The Turbo 190 roared like an unchained beast as Brigid weaved through the skyway traffic, horns blaring all about her as she cut off the other users of the road. A moment later, the three tanklike pursuit vehicles followed, bumping out of their way anyone who didn’t move aside quickly enough, lasers flashing to literally cut a path through the traffic.
Then, up ahead, Brigid saw what they were forcing her toward. It was bigger than her other pursuers, covered in thick armor plate, and it hovered just above the elevated road, great rotor blades cutting the air with a heavy thrum. Painted a glossy black, the Deathbird had two great laser turrets on its underside, front and back, as well as a plethora of bullet-fed chain guns along its sides. Both lasers and chain guns worked on swiveling pivots, sufficient to cover all fields of fire between them.
Twelve seconds to impact, the lasers were cycling around to pinpoint her.
Eleven seconds. Ten.
Brigid eyed the Deathbird, estimating the clearing distance beneath its skids. There wasn’t enough. Even if she managed to somehow outlast the lasers and all that other hardware the thing was packing, she simply couldn’t make the route.
Nine seconds.
Frantically, Brigid scoured up ahead, searching for all options. The road curved back toward the main body of the island just behind the chopper, an off-ramp located tantalizingly close, less than fifty yards beyond. Brigid’s eyes flicked back to the Deathbird, then beyond, spotting the reason that the road veered back landward. There was a building there, some kind of shipyard admin building by the look of it, a great towering thing like a glass knife thrust into the earth by some almighty god.
Eight.
The lasers were starting to glow as the power began firing through them, a ruby slash cleaving through the air toward her.
There was a trick she was beginning to recall, a trick she had learned when she was just a little girl, and one she had never stopped using. It was coming back to her now. All of it.
Brigid powered the automobile toward the barrier, pulling at the steering wheel as if she was wrestling with a bear. Beneath her, the tires screamed and she felt the car begin to roll.
* * *
I
N
THE
RED
ROOM
of caged muties, Kane reacted without conscious thought. His hand came up, bringing the Sin Eater blaster in an arc that ended in the stranger’s face.

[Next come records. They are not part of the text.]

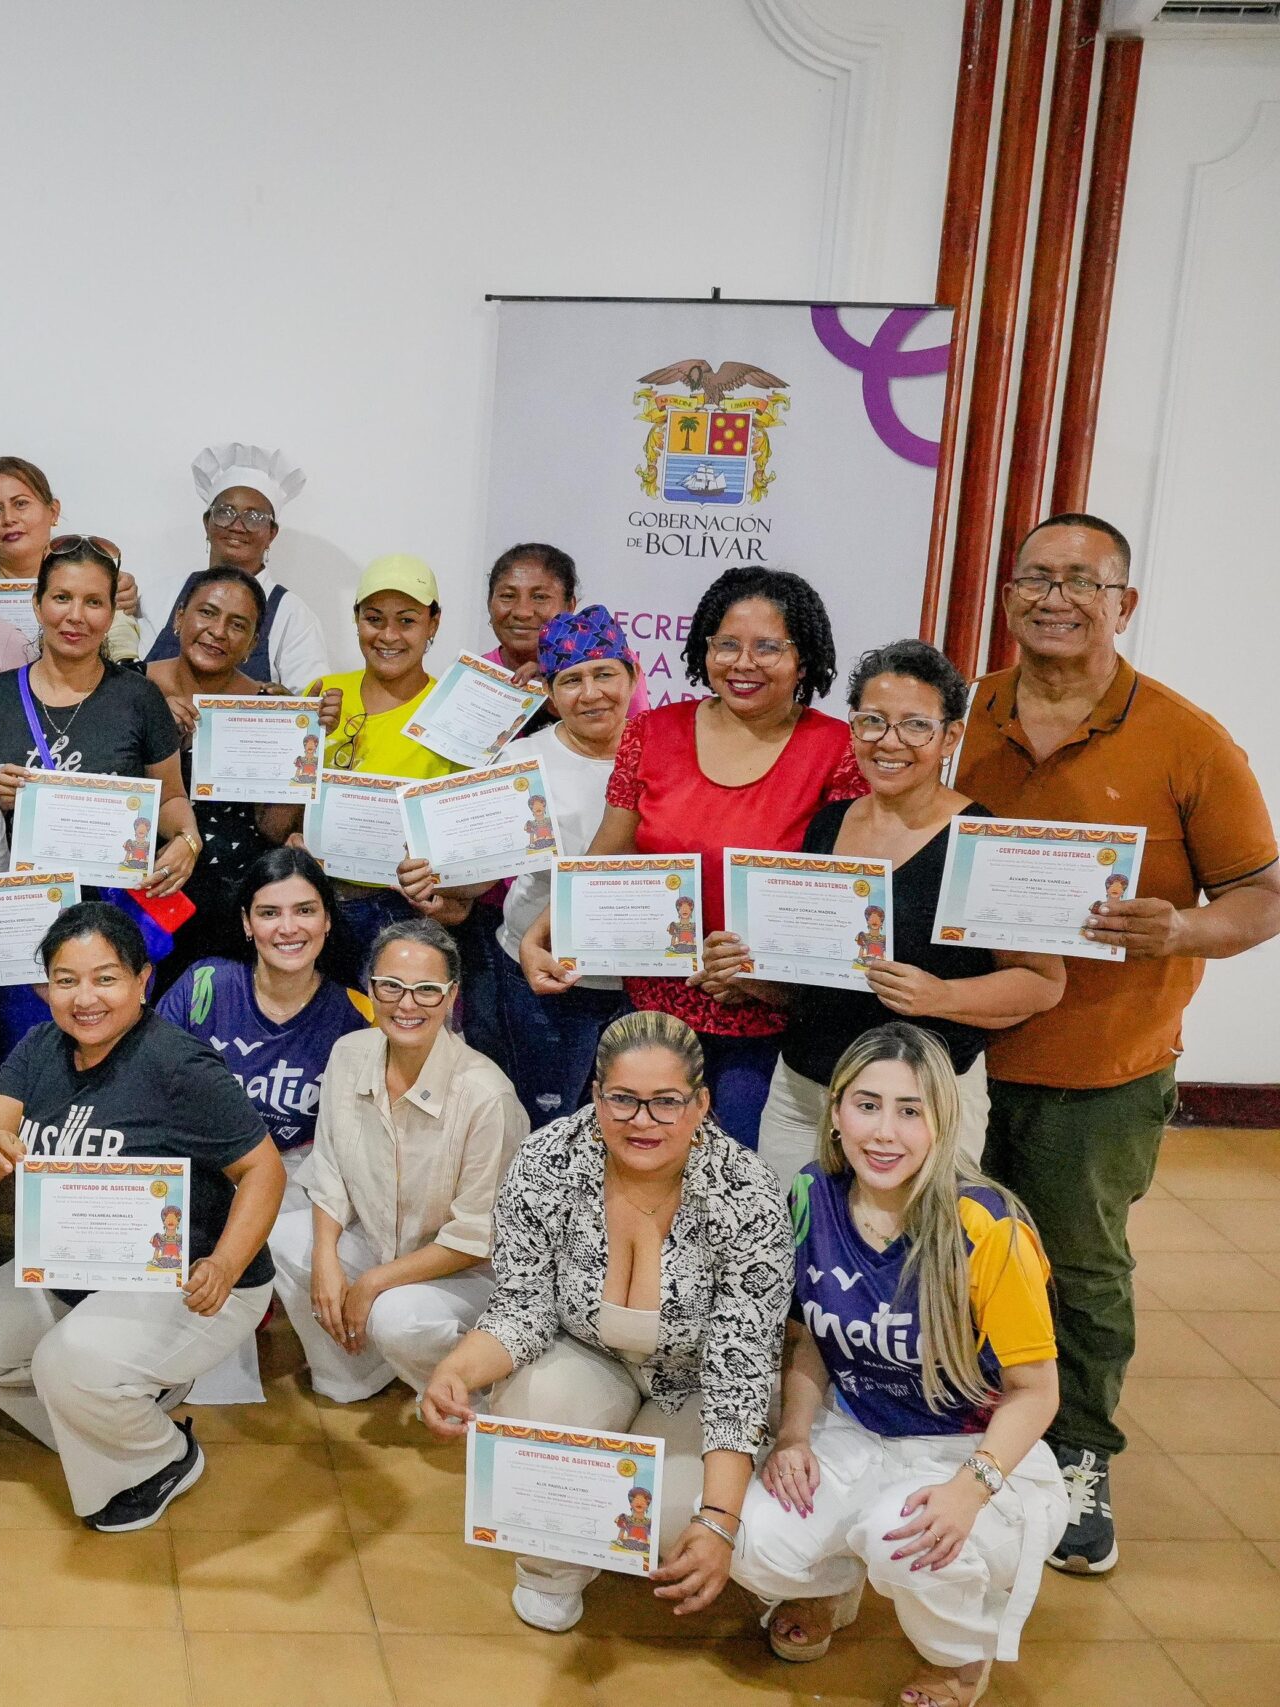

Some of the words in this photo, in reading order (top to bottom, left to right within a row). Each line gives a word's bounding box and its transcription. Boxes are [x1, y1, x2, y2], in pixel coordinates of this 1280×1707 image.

[628, 511, 772, 533] GOBERNACIÓN
[626, 537, 643, 548] DE
[645, 532, 768, 561] BOLÍVAR
[54, 793, 85, 801] CERTIFICADO
[439, 793, 471, 805] CERTIFICADO
[999, 847, 1040, 856] CERTIFICADO
[1052, 850, 1091, 859] ASISTENCIA
[768, 878, 803, 887] CERTIFICADO
[814, 882, 848, 890] ASISTENCIA
[518, 1450, 560, 1461] CERTIFICADO
[572, 1457, 611, 1469] ASISTENCIA
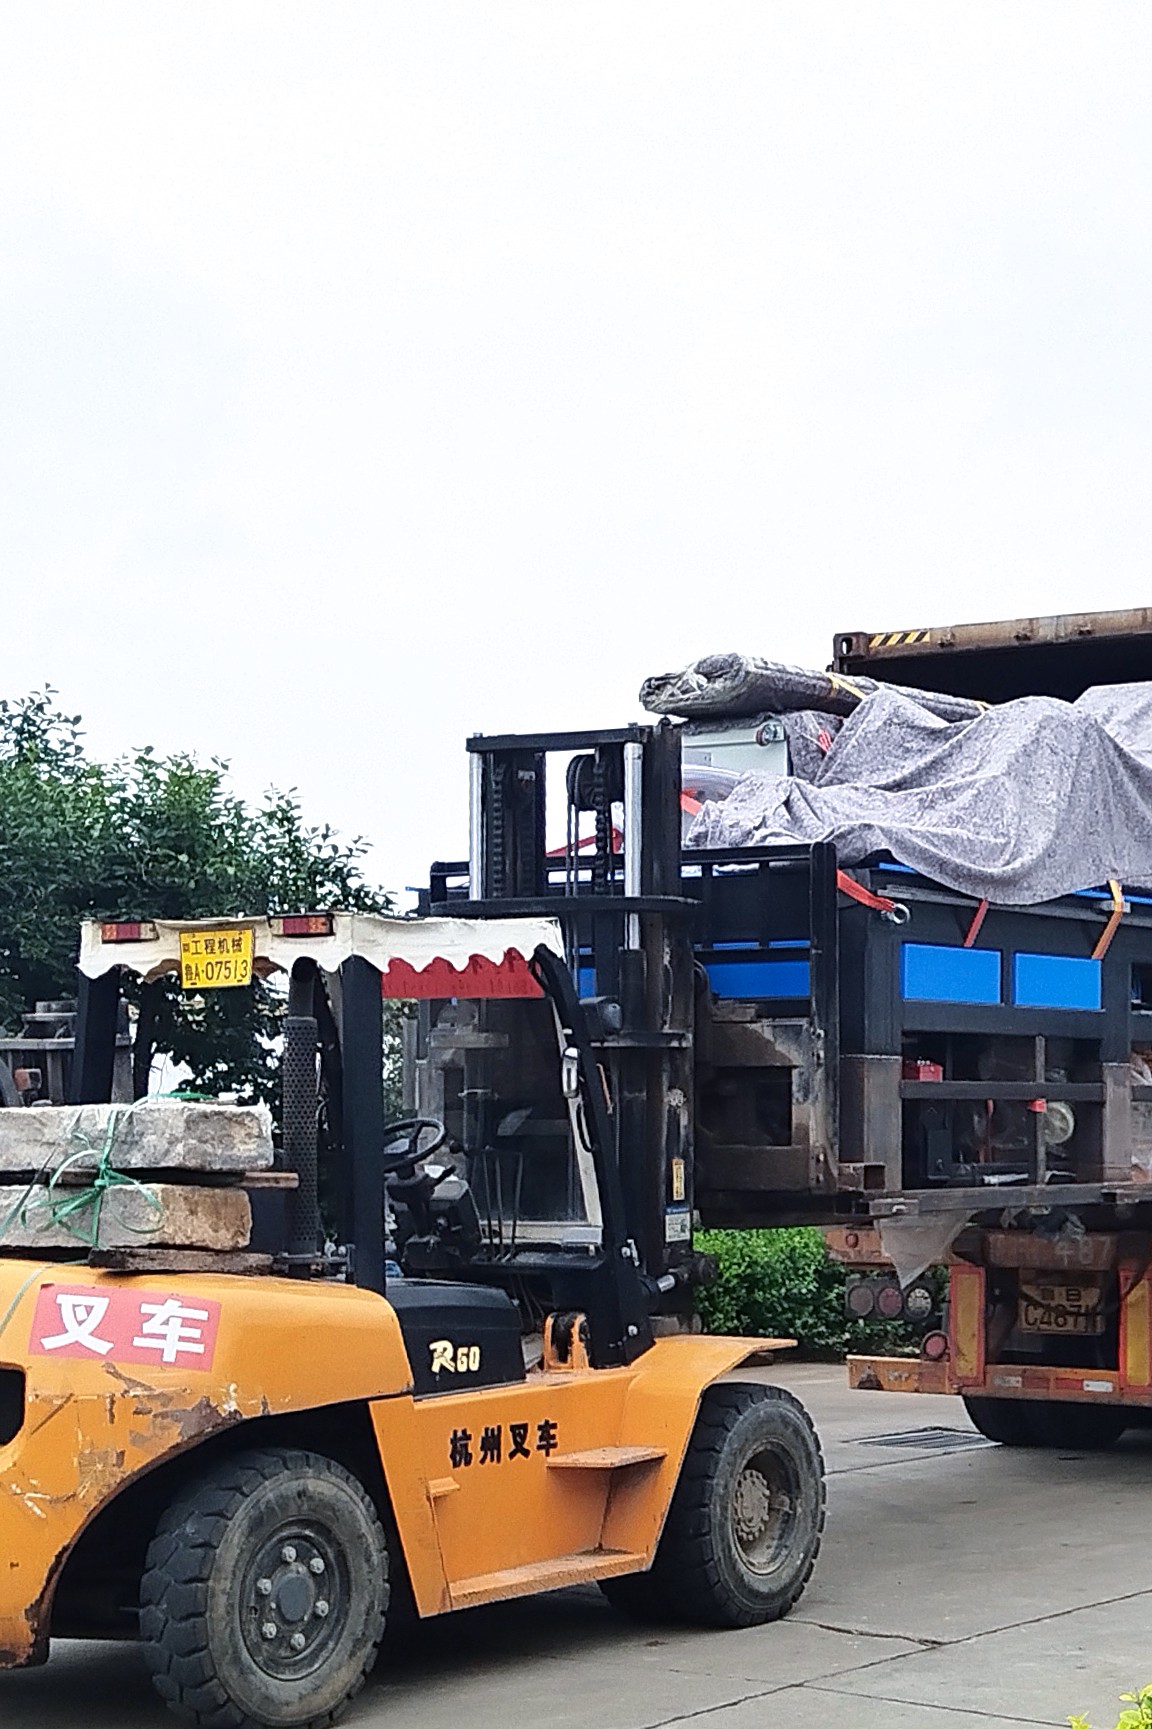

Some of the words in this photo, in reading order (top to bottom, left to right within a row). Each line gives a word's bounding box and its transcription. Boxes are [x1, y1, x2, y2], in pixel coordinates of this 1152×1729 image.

[191, 937, 242, 955] 工程机械
[40, 1293, 209, 1362] 叉车
[428, 1339, 481, 1374] R60
[449, 1418, 559, 1469] 杭州叉车

The stranger reacted almost as quickly. Indeed, Kane could only marvel at the speed of the man’s reactions. The figure was dressed in light clothes, cotton pants and shirt, the latter open to midway down his chest, revealing a tanned and muscular torso. The man’s dark hair was gelled back and he wore a long knife on a low-slung holster at his waist. Kane guessed the man was in his early twenties, hired for muscle and grunt work.
As Kane’s blaster came up, the other man threw whatever he had been balancing in both hands at him. Kane stepped aside as a box full of spare parts came flying at him. The throw was off, but it didn’t matter, it had given his opponent that precious split second to step back from the line of fire before Kane could deliver a bullet to his skull.
“Damn!” Kane cursed as the man ducked back into the next room, pulling the door back. With his free hand, Kane snatched the door’s edge before it could slam shut, automatically raising his blaster to cover the gap.
Cotton Shirt-and-Pants was already down the end of a short corridor that was little more than a cupboard, yanking at the far door and raising the alarm. “Intruder!” he called. “Back inna storeroom.”
The storeroom.
Yeah, that’s all these muties’ lives were to these people, just another “product” they stored until a customer arrived to purchase it, their lives nothing more than figures on a profit tally. Kane hated them then, hated the whole operation that existed here in the heart of the refugee camp, preying on people who had nothing left but dreams, giving them nothing but fake lives and false hope.